小説 川崎サイト

 

夜のもの


 夜な夜な現れる夜のもの。そういうものと遭遇しないため、夜中出掛ける人は少ない。夜逃げでもするのならその時間帯だが、夜中に用事のある人は極めて少なかった。ただ現代では夜でも働いている人はいる。
 夜のものが出るのは暗いため。明るいよりも暗い方がよく、人通りが絶えた夜中が都合がいい職種。これは夜盗だろうか。しかしこれは職とは言えない。履歴書に書けないし、キャリアも誇れない。
 その夜のものとしての夜盗の源九郎は一人働きで、道行く人からものを盗む取る。強盗だ。人家から少し離れたところで仕事をする。叫ばれても、すぐには助けは来ないだろうし、聞こえにくい。しかし、町から離れすぎると、人も来ない。
 夜中、何用があって歩いているのかは様々だが、遅くまで寄り合いがあり、その帰り道、というのもある。
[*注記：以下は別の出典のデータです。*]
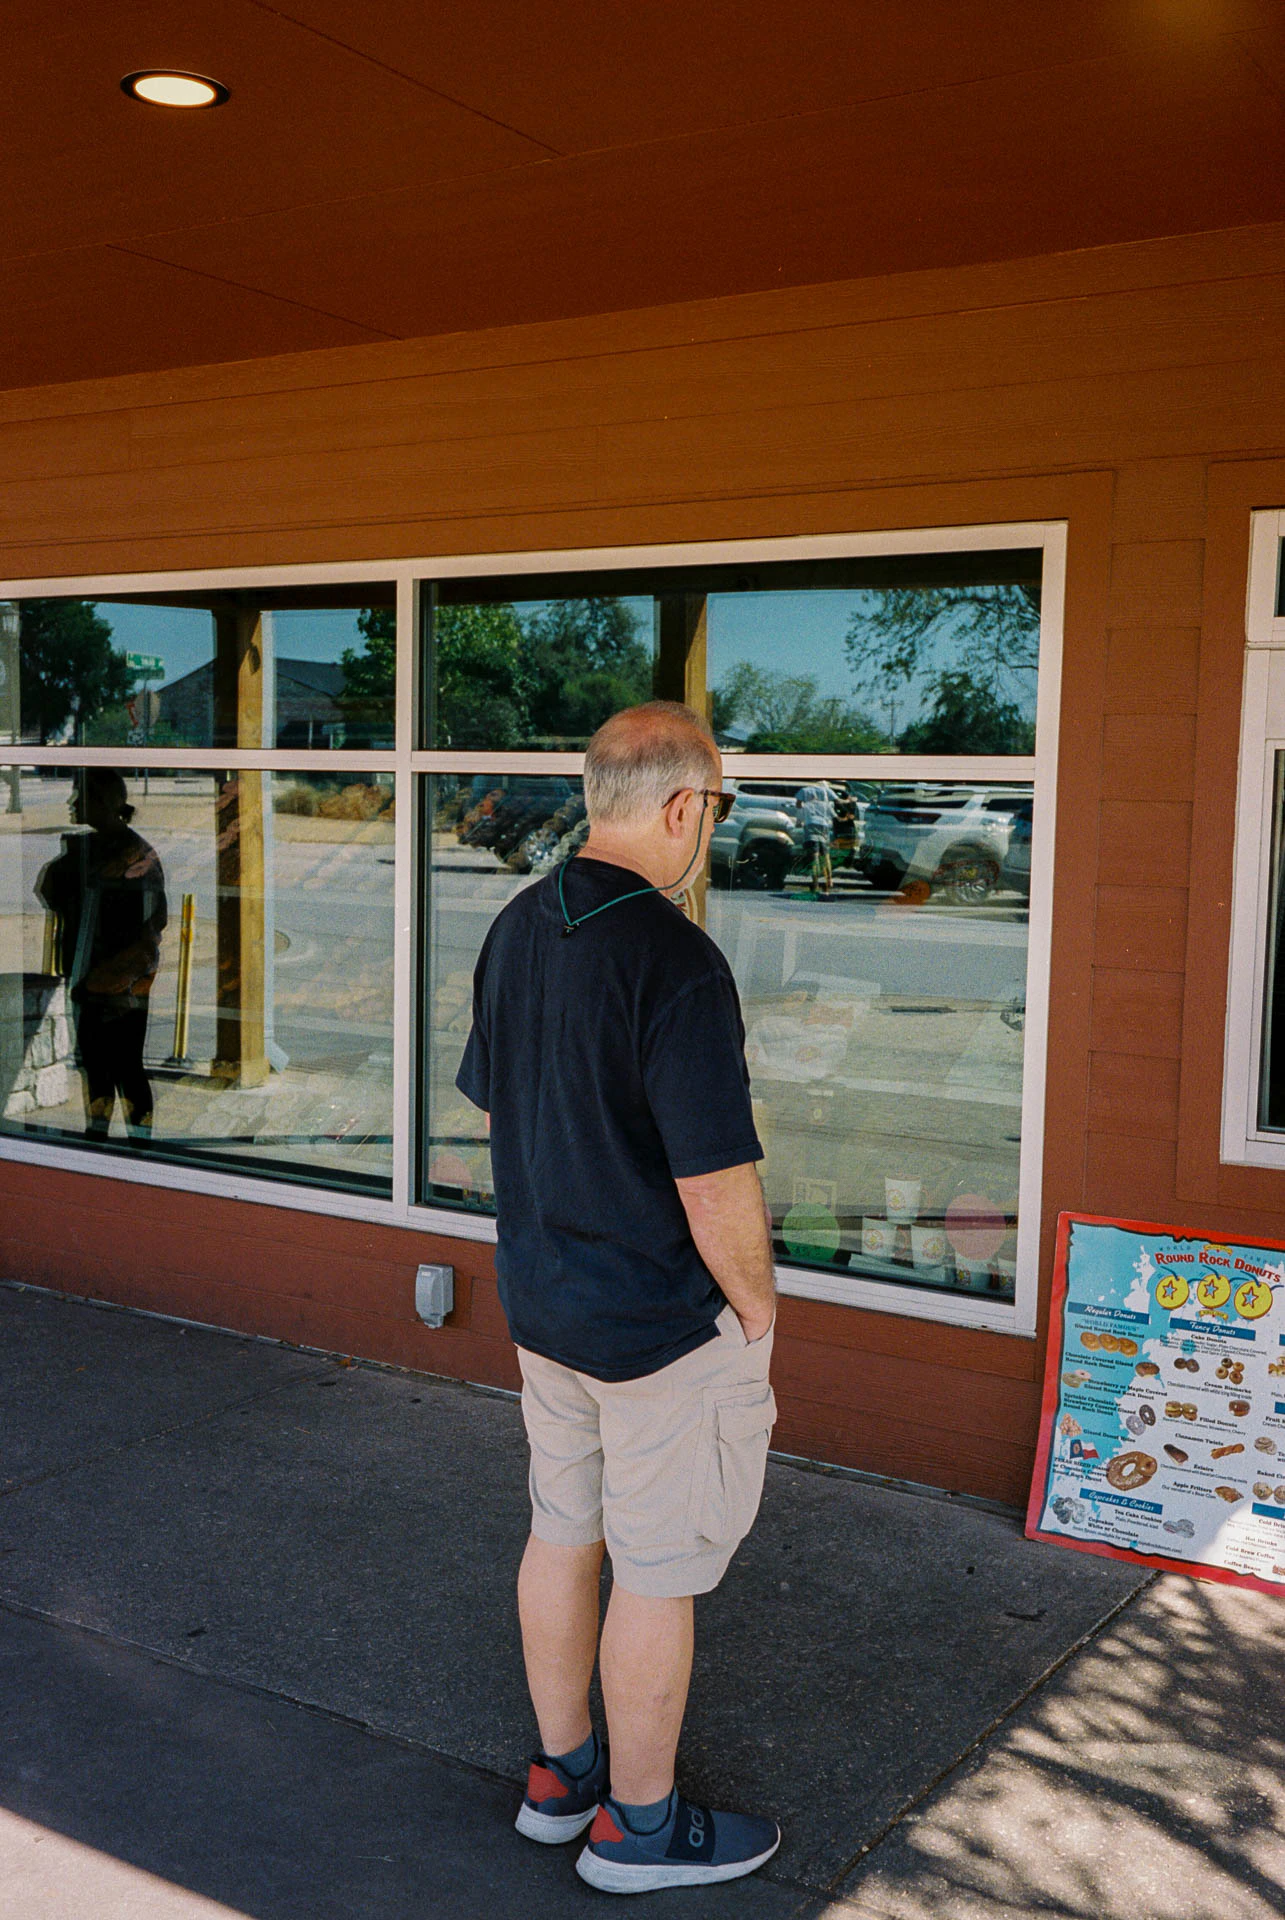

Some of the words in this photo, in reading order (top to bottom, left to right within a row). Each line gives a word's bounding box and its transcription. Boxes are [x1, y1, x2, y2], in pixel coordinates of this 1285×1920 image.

しかし、用心のため、一人では戻らないだろう。
 源九郎はその夜も遠くまで見える道の脇で待機していた。暗いが提灯ぐらいは付けているので、それで分かる。月夜なら意外と明るいのだが、逆に提灯なしでは怪しまれる。
 その提灯が近付いて来た。しかし近付いて来るのは提灯だけ。
 これは本当に夜ものが出たのではと思い、源九郎はやり過ごすことにした。
 しかし近付いて来ると正体が分かった。黒っぽい着物で子供ぐらいの背丈しかない小男。
 紋のない提灯を前に突き出しているのだが黒頭巾。腰の刀はない。
 一か八かやってみようと、源九郎は横から飛び出す。
「夜のものか」
 小男が低い声で聞いてくる。聞かなくも分かりそうなものだが。
 源九郎は懐から匕首を取り出し、鞘のまま相手に突きつける。小男なので、簡単に押し倒せるのだが手荒なまねはしたくない。匕首で脅せば済むのならそちらの方が楽。
 小男は丸腰。武家ではなさそうだが、頭巾が気になる。武家がお忍びで町に出たときなど、そんな感じの頭巾を被っている。口と鼻は隠れているが、そこだけ開く。マスクのようなものだ。
 それが気になったので、源九郎はさっと頭巾をひっぱなした。取られないように小男は抵抗したとき提灯が落ちた。それが燃え出すと同時に頭巾が取れた。
 源九郎は後先見ないで、駆けだしていた。
 頭巾で隠されているはずの鼻と口がなかったのだ。
 源九郎は本物の夜のものを見たと勘違いした。
 小男は鼻と口に布を巻いていた。どうも風邪っぽかったらしい。
 この黒ずくめの小男。明るいところで見ると、小さなお坊さんだった。
 夜中人が亡くなったので、枕経をあげに行くところだったようだ。